While JBU has streamed videos of its chapel speakers for students and faculty and had recently started a chapel podcast, this was the first time doing a fully virtual chapel with no students physically present. Over 100 people streamed the YouTube live-stream, with many watching through Zoom as well. Students who watched the chapel said the virtual atmosphere was strange for them, but there were comforting factors of familiarity, namely, the professors who led the service.
One student, junior engineering major Daniel Norwood, said that while many aspects, such as the virtual environment and the themes were different, the worship felt familiar to him. The service began with worship as Jen Edwards, assistant professor of worship arts, leading the singing. Pollard later commented on how encouraged he was to see students singing along over Zoom, as he had been missing congregational singing as a way to connect to God.
Pollard then spent some time highlighting recent positive happenings in the JBU community, one being multiple students who are working on the front lines in various capacities during the global pandemic.
After highlighting these students and the achievements of JBU faculty and staff throughout the year, Pollard discussed a little about the future of the school. He assured staff and students that JBU will continue studies in the fall of 2020, even if the semester will look a little different than normal. While he acknowledged the difficulty of the situation, he kept the overall message positive, desiring to bring hope to people wherever they were watching and allow members of the JBU community to feel more connected.
There were times, too, when Pollard recognized the extreme difficulty and sadness that JBU students and staff, and the world as a whole, were experiencing during this time. “The Psalms are a rich resource for Christians during times of challenge because they express both the emotional turmoil of the challenge and the hope and faith that we experience because of God’s promises to be with us in those struggles,” Pollard said. Pollard read Psalms 11:3-4 and commented on how we are able to question God during times of difficulty and participate in biblical lament.
Kyra Ruch, senior family and human services major, agreed with Pollard. “It was important for him to address this because people in Christian circles often feel like they can’t question God. However, if you don’t bring up what you are truly thinking with God, that hinders the relationship from being as real and genuine as it could be,” Ruch said. “The Lord gives us space for questions and hard emotions. He wants us to come to Him with all of ourselves, no matter how messy we are.”
Toward the end of the service, Pollard addressed the questions that were sent in electronically by students. Many of the topics chosen were focused on more lighthearted matters of quarantine and how to stay encouraged. Other questions focused on Pollard’s experiences, asking how he was during this time and the books he had been reading. There was even a mention of the popular Netflix show, The Tiger King.

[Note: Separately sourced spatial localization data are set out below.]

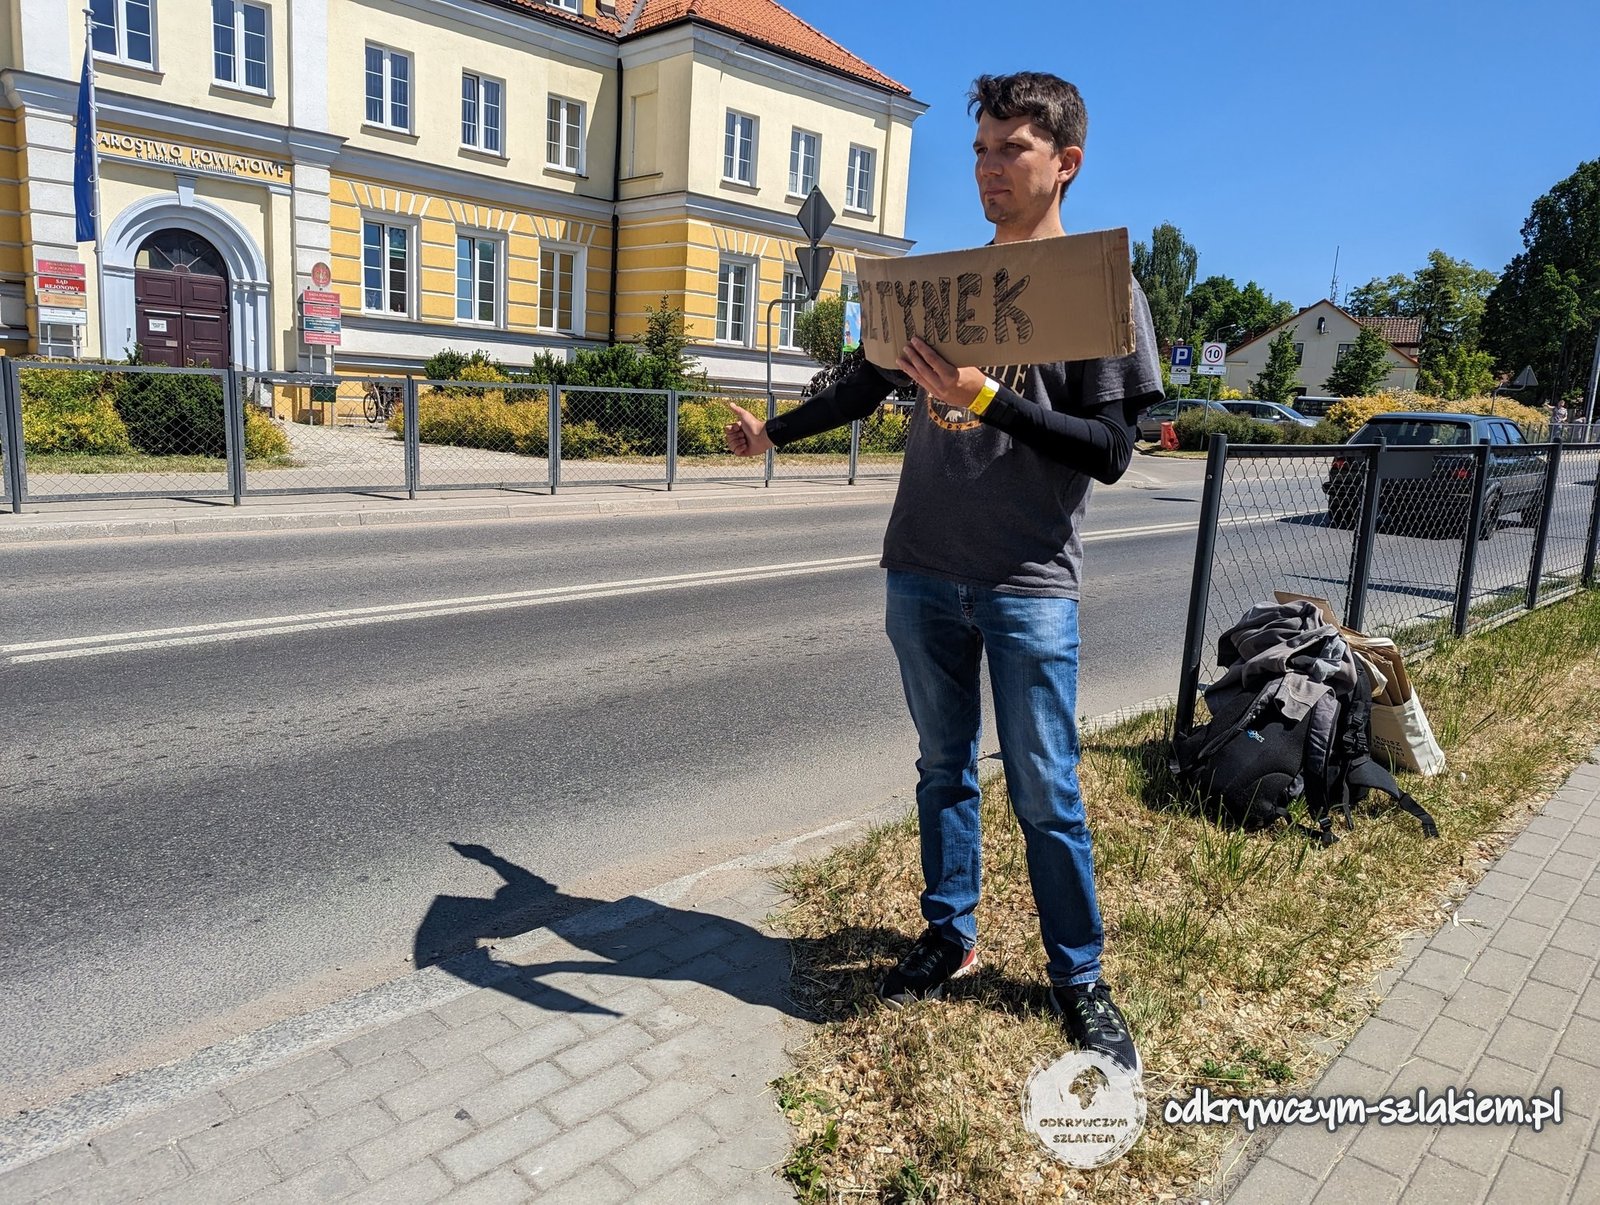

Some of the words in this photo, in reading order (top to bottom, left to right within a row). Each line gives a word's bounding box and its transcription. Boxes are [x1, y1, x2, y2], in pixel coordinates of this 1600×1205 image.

[97, 132, 183, 158] AROSTWO
[191, 148, 284, 176] POWIATOWE
[44, 283, 80, 291] REJONOWY
[1175, 348, 1189, 364] P
[1207, 349, 1220, 359] 10

Norwood commented on this change from previous questions and answer style chapels, saying, “Normally the Q and A chapel is where students express thoughts with Administration, trying to get answers to tough questions, often politically loaded questions. This Q and A chapel was light, practical questions, combined with questions that just helped students feel connected.”

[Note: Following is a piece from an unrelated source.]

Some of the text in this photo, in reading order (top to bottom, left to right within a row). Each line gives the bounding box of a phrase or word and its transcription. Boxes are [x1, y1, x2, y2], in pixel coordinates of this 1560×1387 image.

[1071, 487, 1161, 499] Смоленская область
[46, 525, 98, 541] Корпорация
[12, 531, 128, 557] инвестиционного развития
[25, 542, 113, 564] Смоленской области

Pollard concluded the service by sharing what his hope was for the students throughout the COVID-19 pandemic. “My greatest hope for you in this season is my greatest hope for you in any season, that you would deepen your following of Jesus Christ…that you would become the hands and feet of Christ for others…that may be your family, as you start to get tired of being around the same six people, that may be on the front lines to help others in need and in a strange way it is actually not going out and being with others right now,” Pollard said. He also challenged his audience to stay hopeful and find ways to support those around them in order to feel more connected and loved during this challenging time as a student body and as a world.